- EXERCISE OBJECTIVE: For the records that follow, restate each one word for word and leave the images behind.

##### RECORDED INFORMATION #####

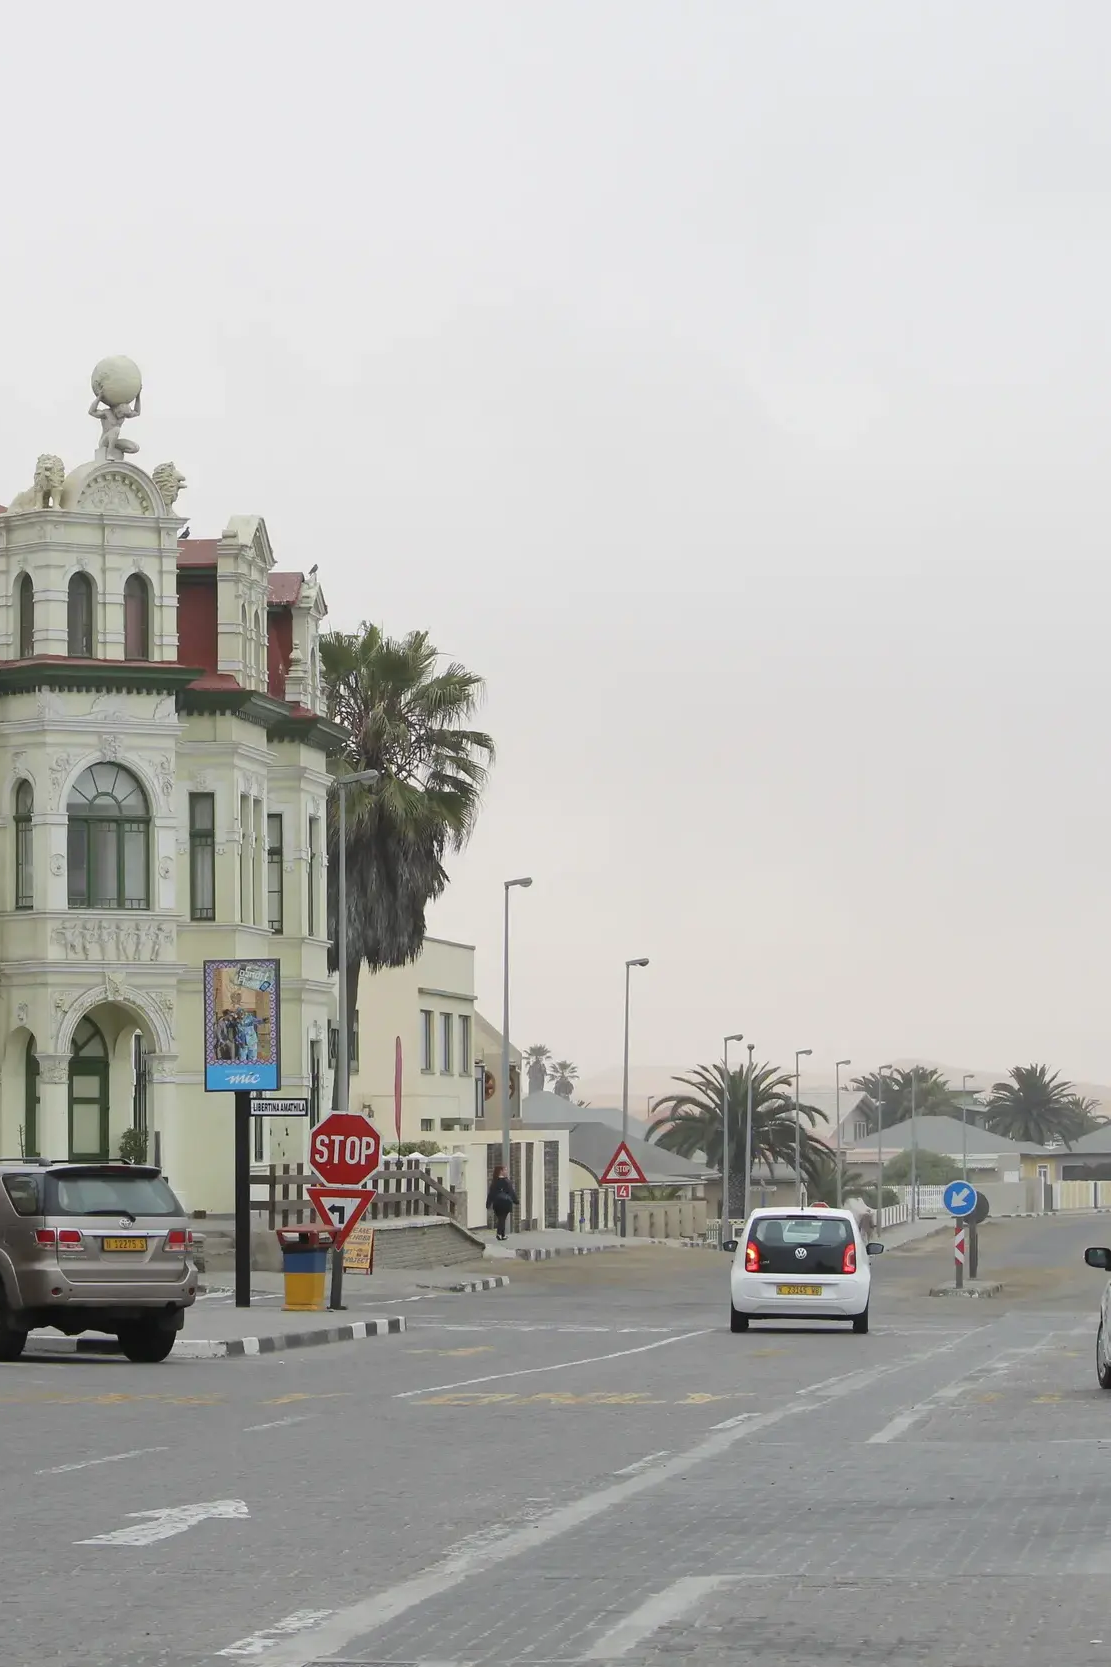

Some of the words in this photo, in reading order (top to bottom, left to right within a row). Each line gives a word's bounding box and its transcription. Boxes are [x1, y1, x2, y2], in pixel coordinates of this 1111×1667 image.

[253, 1102, 280, 1112] LIBERTINA
[280, 1102, 306, 1112] AMATHILA
[314, 1134, 376, 1165] STOP
[615, 1165, 630, 1173] STOP
[619, 1186, 627, 1197] 4
[139, 1239, 145, 1249] S
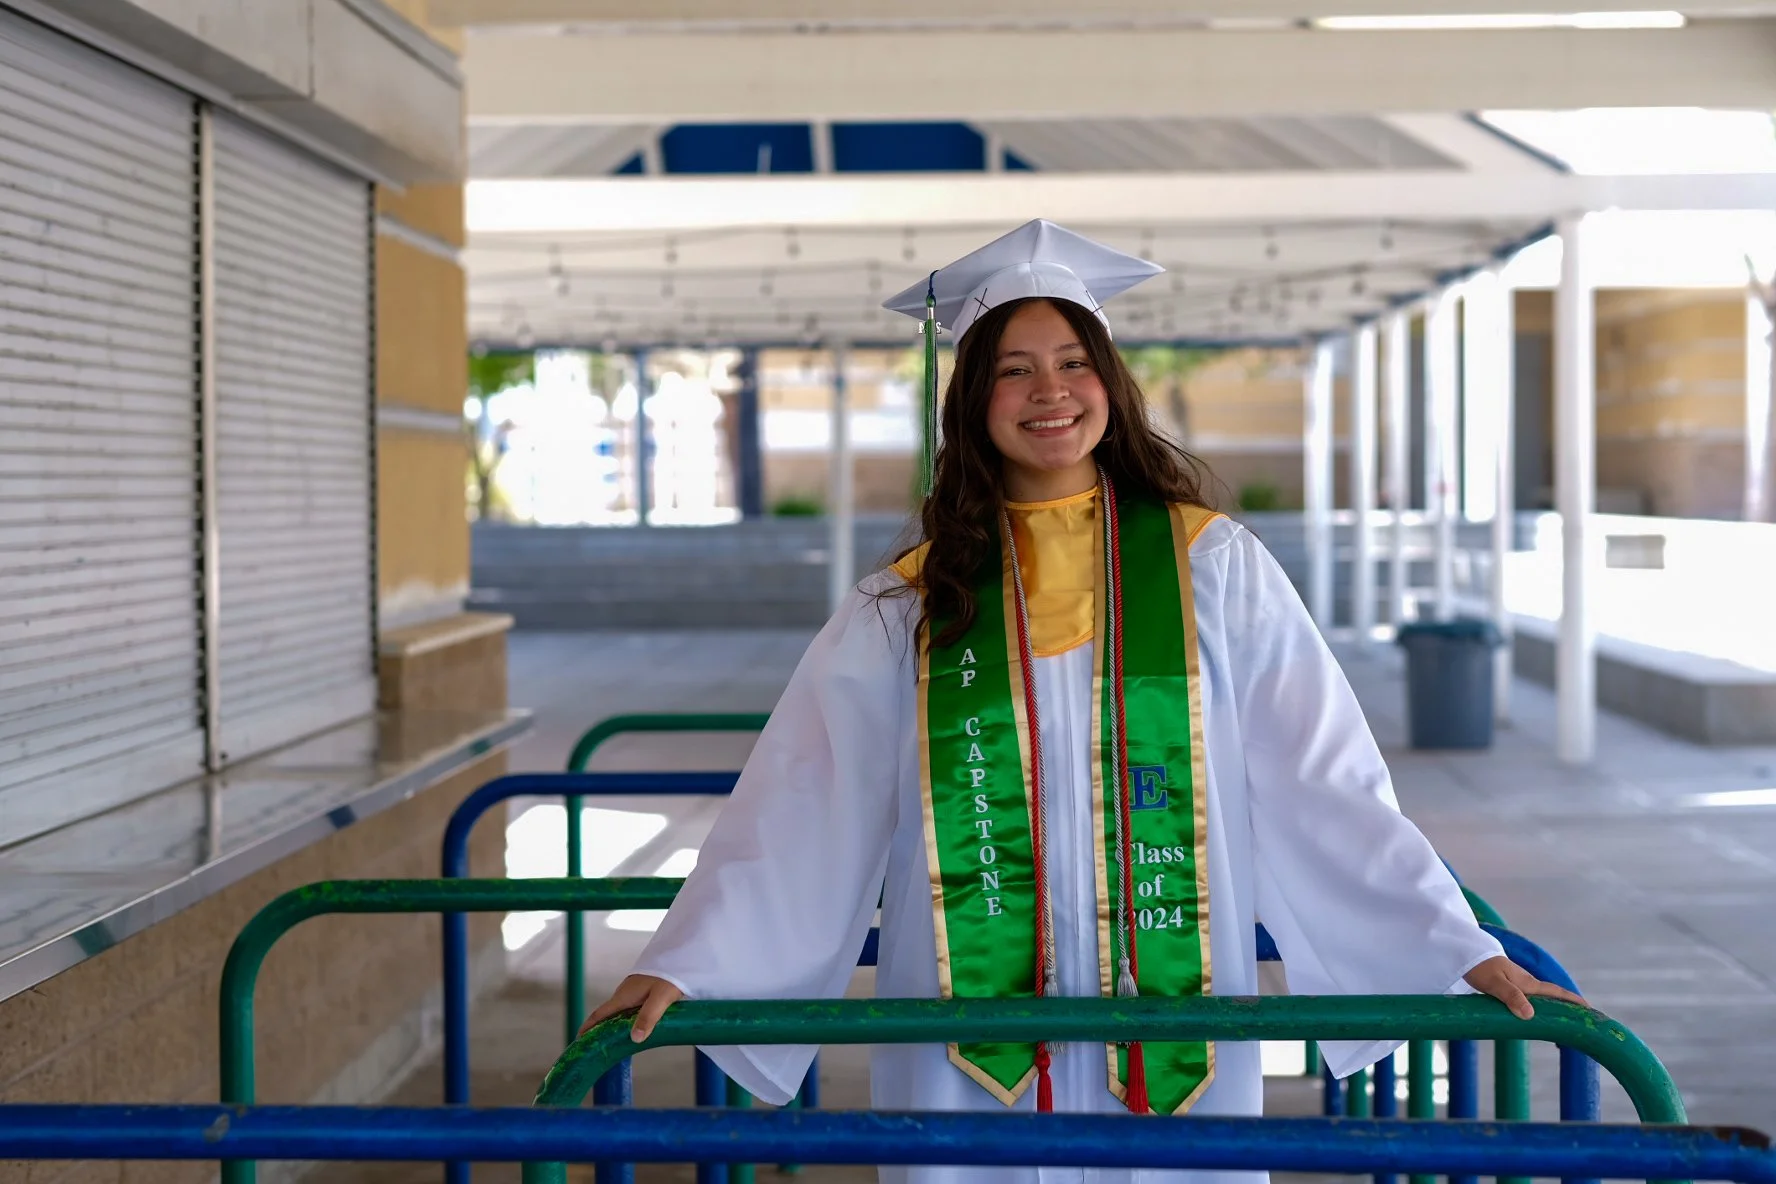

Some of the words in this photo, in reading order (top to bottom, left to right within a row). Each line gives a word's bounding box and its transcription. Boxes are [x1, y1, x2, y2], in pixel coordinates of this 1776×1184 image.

[959, 648, 977, 687] AP
[1127, 765, 1168, 811] E
[965, 717, 1002, 916] CAPSTONE
[1138, 874, 1165, 898] of
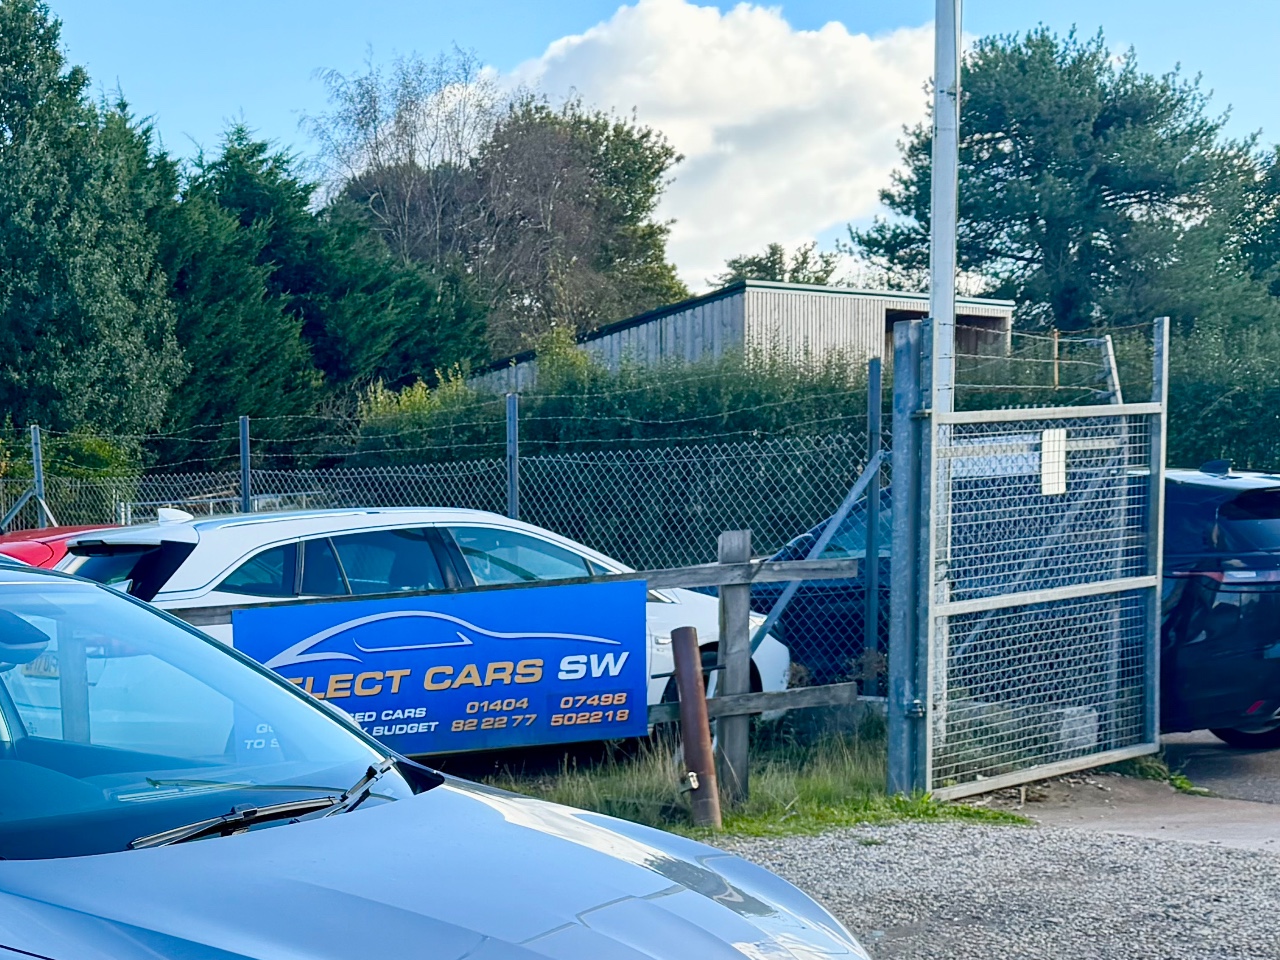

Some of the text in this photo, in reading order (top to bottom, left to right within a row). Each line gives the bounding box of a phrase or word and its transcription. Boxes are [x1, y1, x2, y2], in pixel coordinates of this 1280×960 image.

[287, 651, 630, 699] LECT CARS SW
[465, 692, 628, 714] 01404 07498
[380, 707, 427, 720] CARS
[451, 709, 630, 732] 82 22 77 502218
[372, 721, 439, 736] BUDGET
[244, 739, 265, 749] TO

#####

- ANSWER TO THIS TASK:
Some of the words in this photo, in reading order (top to bottom, left to right within a row). Each line gives a word's bounding box and its transcription. Boxes are [x1, y1, x2, y2], in pixel coordinates of this 1111×1667 image.

[253, 1102, 280, 1112] LIBERTINA
[280, 1102, 306, 1112] AMATHILA
[314, 1134, 376, 1165] STOP
[615, 1165, 630, 1173] STOP
[619, 1186, 627, 1197] 4
[139, 1239, 145, 1249] S

Some of the words in this photo, in reading order (top to bottom, left to right within a row). Each line gives a word's bounding box and its transcription. Boxes are [x1, y1, x2, y2], in pixel coordinates of this 1776×1184 image.

[959, 648, 977, 687] AP
[1127, 765, 1168, 811] E
[965, 717, 1002, 916] CAPSTONE
[1138, 874, 1165, 898] of

Some of the text in this photo, in reading order (top to bottom, left to right within a row). Each line gives the bounding box of a phrase or word and its transcription. Boxes are [x1, y1, x2, y2], in pixel coordinates of this 1280×960 image.

[287, 651, 630, 699] LECT CARS SW
[465, 692, 628, 714] 01404 07498
[380, 707, 427, 720] CARS
[451, 709, 630, 732] 82 22 77 502218
[372, 721, 439, 736] BUDGET
[244, 739, 265, 749] TO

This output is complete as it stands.